On the other hand, there can be people who have been born into a religion that worships the Divine by a different name, or who have become so turned off by hypocrisy in the earthly Christian religion that they cannot find God there. But such people can nevertheless be living in the way Christ taught us to live: by loving God and their neighbor (Matthew 22:36–40); by refraining from judging others (Matthew 7:1–5); by resisting evil in their actions, thoughts, and feelings (John 8:34, Matthew 5:22); by working out their differences with others before coming before God (Matthew 5:24); by treating others the way they themselves would like to be treated (Matthew 7:12), etc. Regardless of their outer, earthly beliefs, they are inward followers of Christ, and after death they will recognize the Lord as the one they have been following all along. Swedenborg’s experiences led him to understand that when the Bible talks about the “name” of Jesus Christ, it means the quality or character of Christ. That is what we must follow in order to be able to recognize the Lord after death.

That’s why on earth, we should be paying attention not to someone’s outer belief system, but rather to the kind of life they are leading. This is what is looked at by the Lord and the angels after death, says Swedenborg, and this is supported by others who have had spiritual or mystical experiences. For example, in Lance Richardson’s near-death experience story “The Message” he also describes good people from many different earthly faith traditions having no problem with recognizing the loving presence of the Lord after death. The variety in earthly religion is something that the Lord is pleased with, because the Lord’s love is not petty and exclusive, wanting people to “get it exactly right.” If so, none of us could make it! In fact, Swedenborg saw many Christians in the afterlife unable to get into heaven because they were so sure they already “had it right” that they were unable to open their minds to learn the ways in which they were mistaken about God (which, of course, can happen in any religious belief system).
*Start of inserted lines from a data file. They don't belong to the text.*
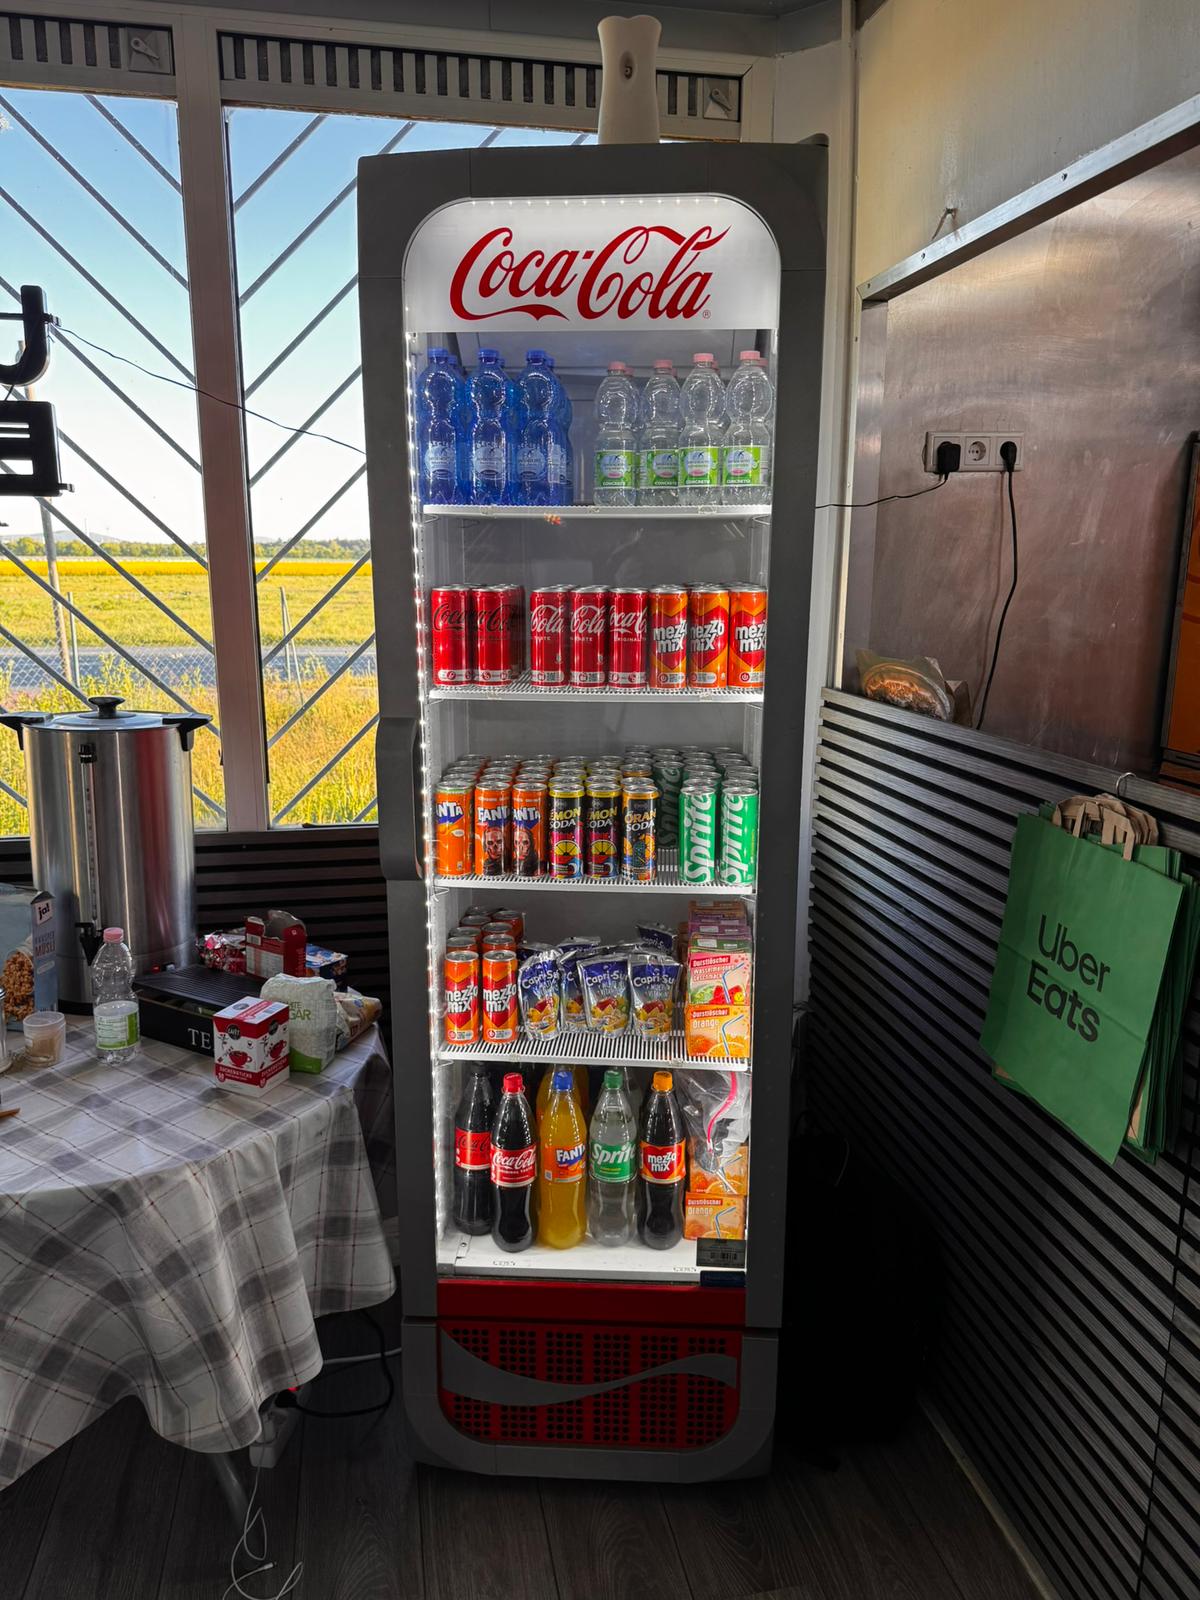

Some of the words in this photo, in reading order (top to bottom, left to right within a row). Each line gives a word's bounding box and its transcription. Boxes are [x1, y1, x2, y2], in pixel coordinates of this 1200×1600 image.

[450, 225, 732, 322] Coca-Cola
[657, 633, 684, 653] mix
[437, 801, 463, 818] NTA
[477, 805, 510, 822] FANT
[626, 820, 655, 832] SODA
[683, 793, 715, 884] Sprite
[38, 902, 50, 920] ja!
[1036, 914, 1111, 993] Uber
[445, 984, 479, 1002] mezzo
[483, 983, 517, 1002] mezzo
[1026, 959, 1101, 1043] Eats
[448, 996, 471, 1013] mix
[486, 994, 511, 1012] mix
[692, 1019, 719, 1028] Orange
[592, 1141, 636, 1166] Sprite
[647, 1151, 677, 1164] mezzo
[651, 1159, 671, 1172] mix
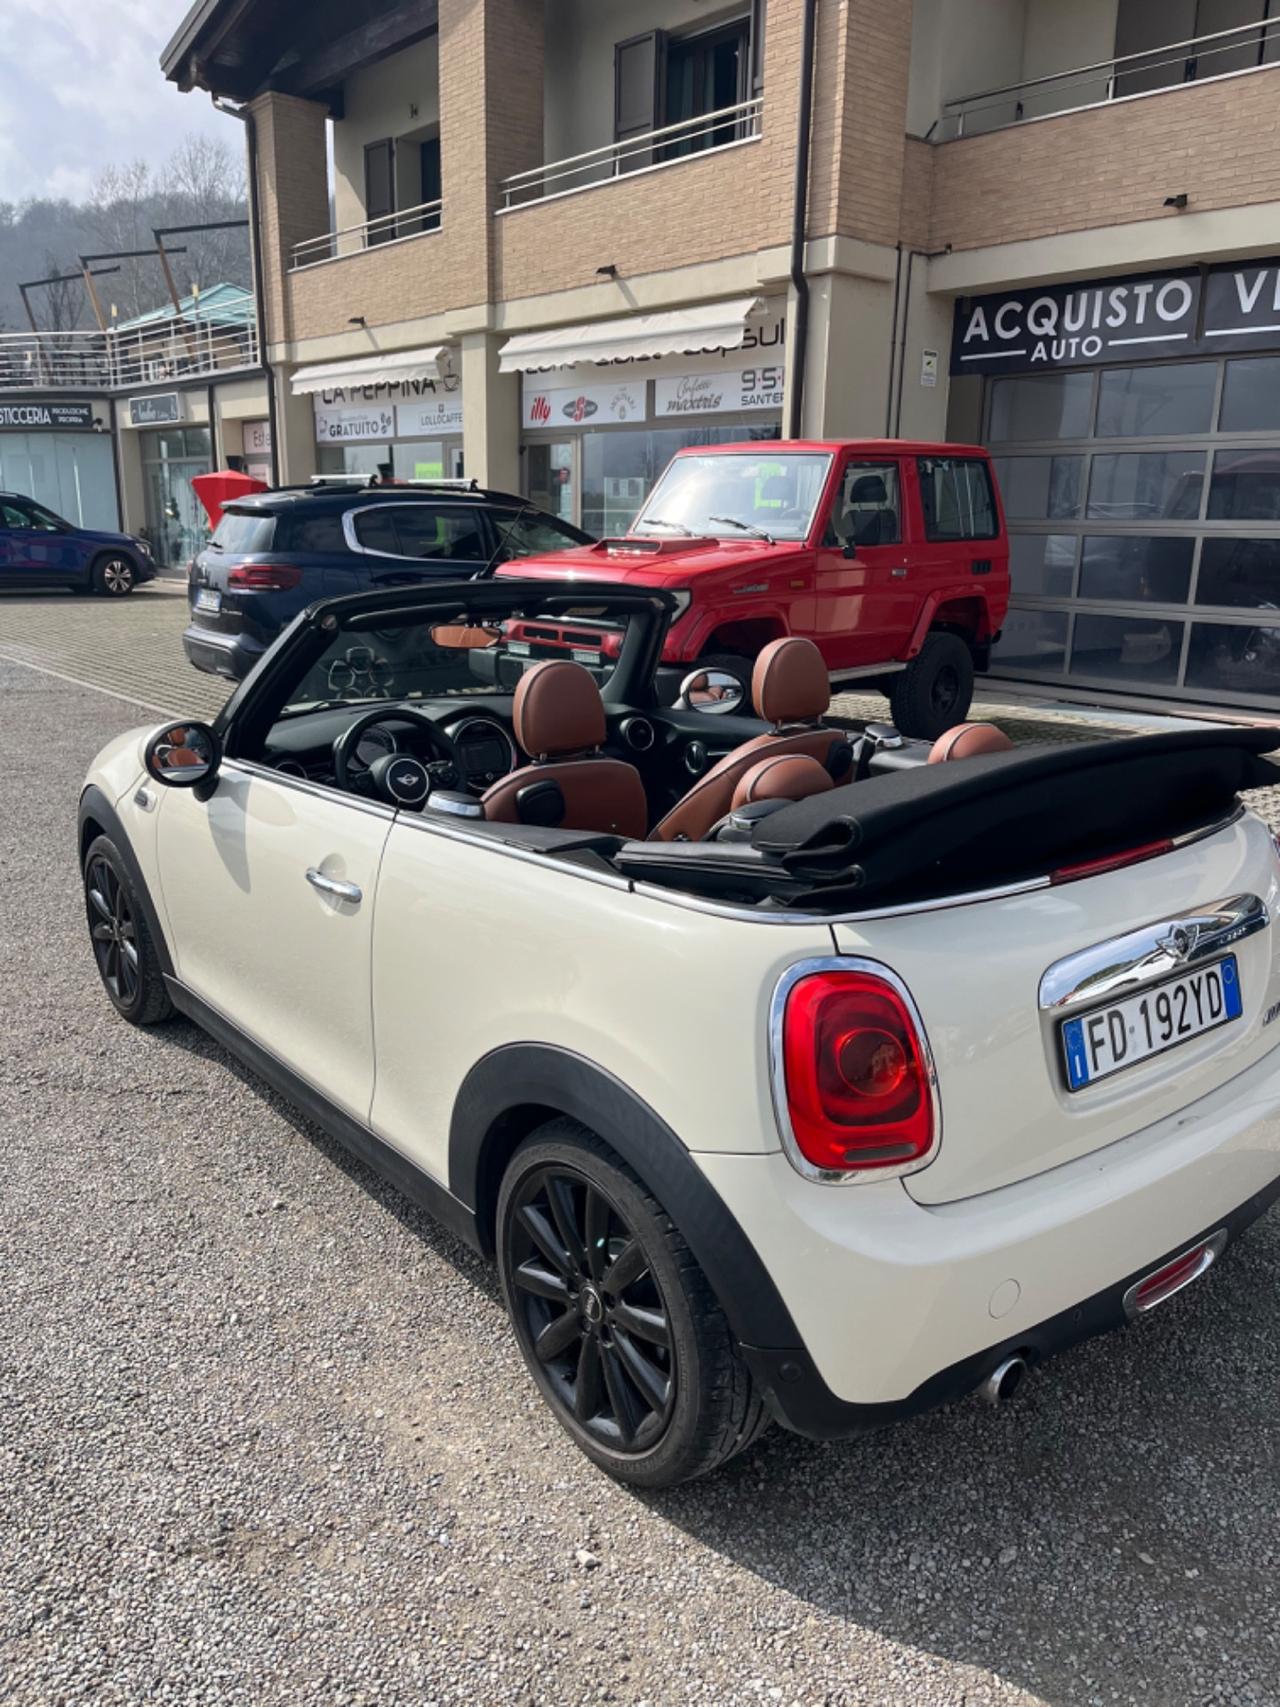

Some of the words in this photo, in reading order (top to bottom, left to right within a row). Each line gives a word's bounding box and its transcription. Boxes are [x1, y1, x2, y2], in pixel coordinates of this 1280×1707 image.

[963, 279, 1193, 344] ACQUISTO
[1031, 335, 1103, 362] AUTO
[322, 387, 346, 404] LA
[350, 377, 436, 402] PEPPINA
[531, 394, 551, 426] illy
[329, 420, 380, 437] GRATUITO
[1086, 1008, 1128, 1072] FD
[1138, 971, 1224, 1050] 192YD
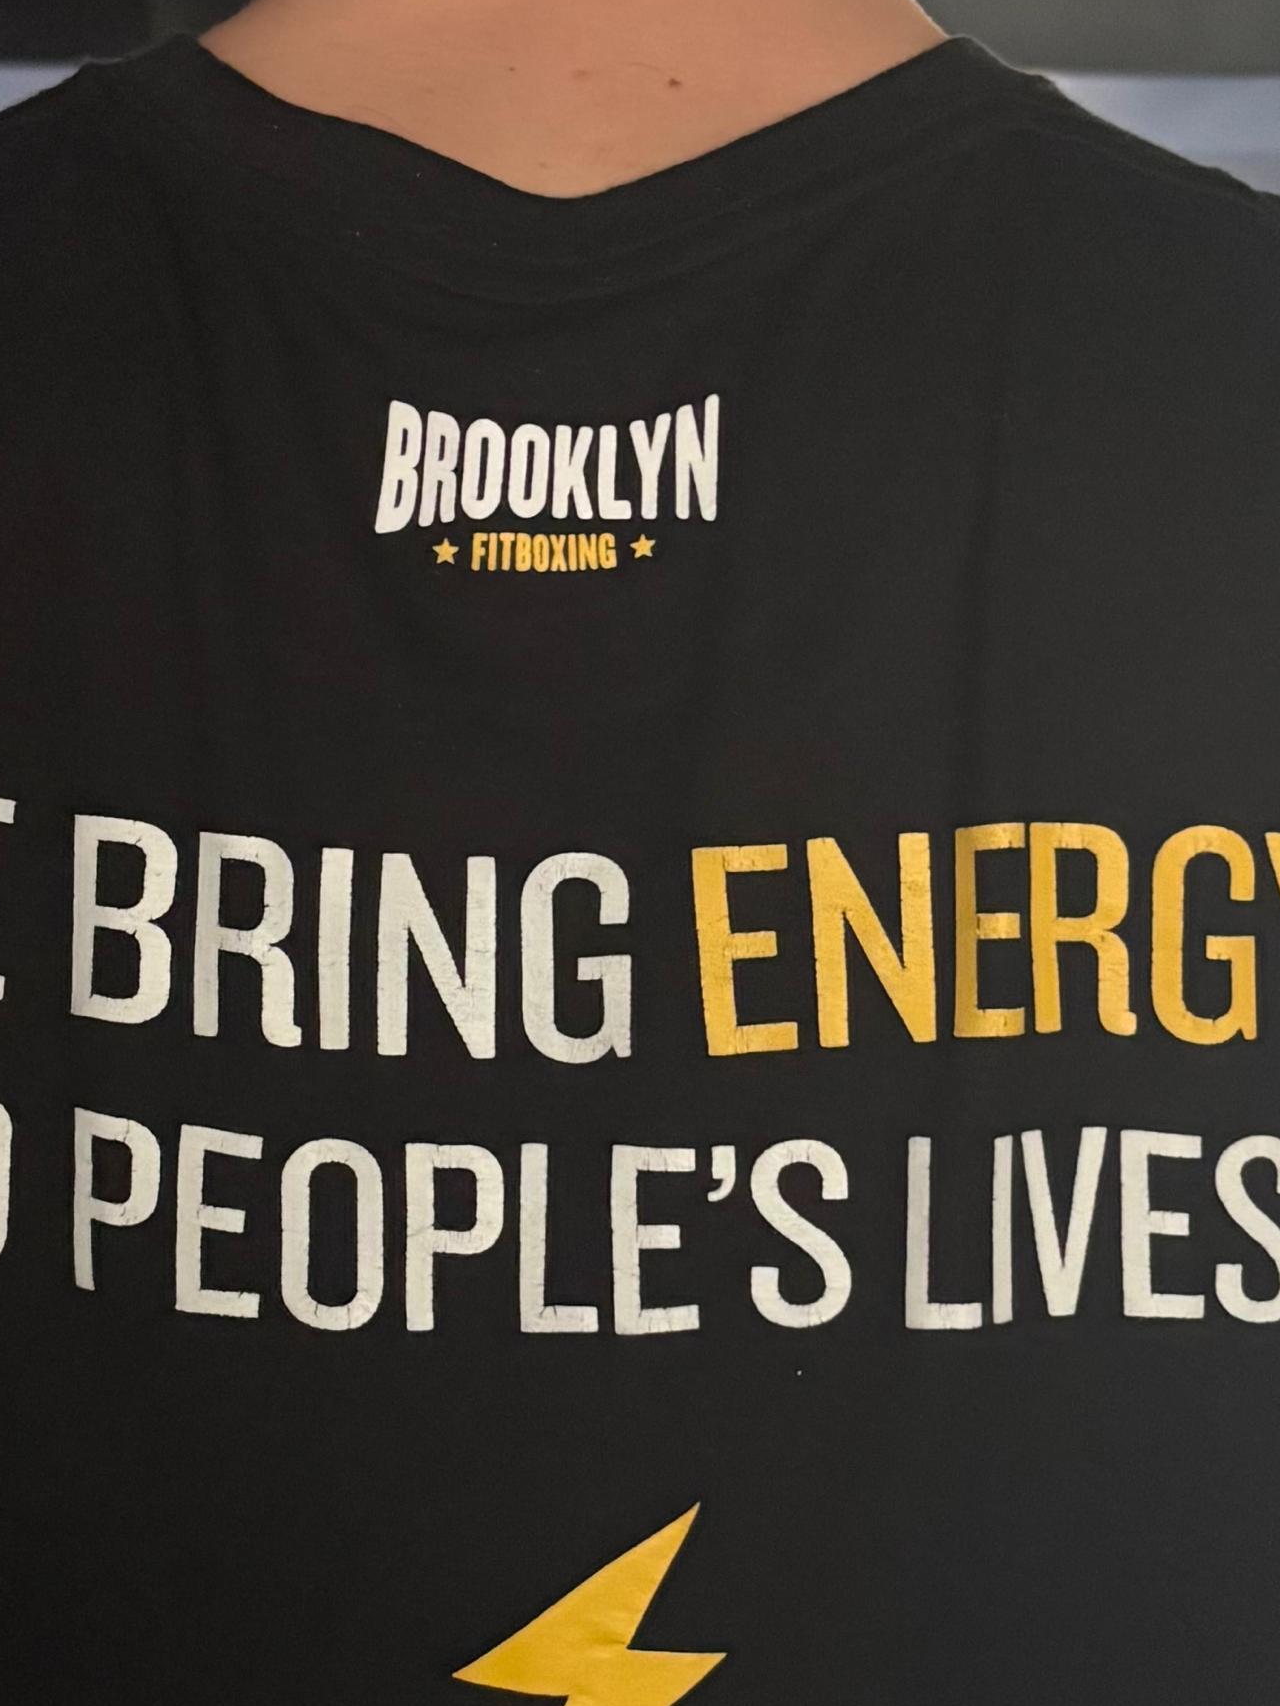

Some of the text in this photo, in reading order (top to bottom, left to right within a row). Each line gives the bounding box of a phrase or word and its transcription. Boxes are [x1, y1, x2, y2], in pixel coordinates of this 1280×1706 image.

[374, 393, 720, 534] BROOKLYN
[470, 532, 618, 572] FITBOXING
[70, 814, 632, 1064] BRING
[73, 1107, 852, 1336] PEOPLE'S
Swedenborg tells us that God looks at the heart, the intent, the effort. The Lord’s love is big and all-encompassing and all-inclusive. The Lord wants people to be able to follow whatever earthly religion suits them best as being a tool for forging a relationship with God, according to background, circumstances, and disposition. Christ is not the exclusive character that he is often made out to be. Christ is the embodiment of God’s love for the whole human race.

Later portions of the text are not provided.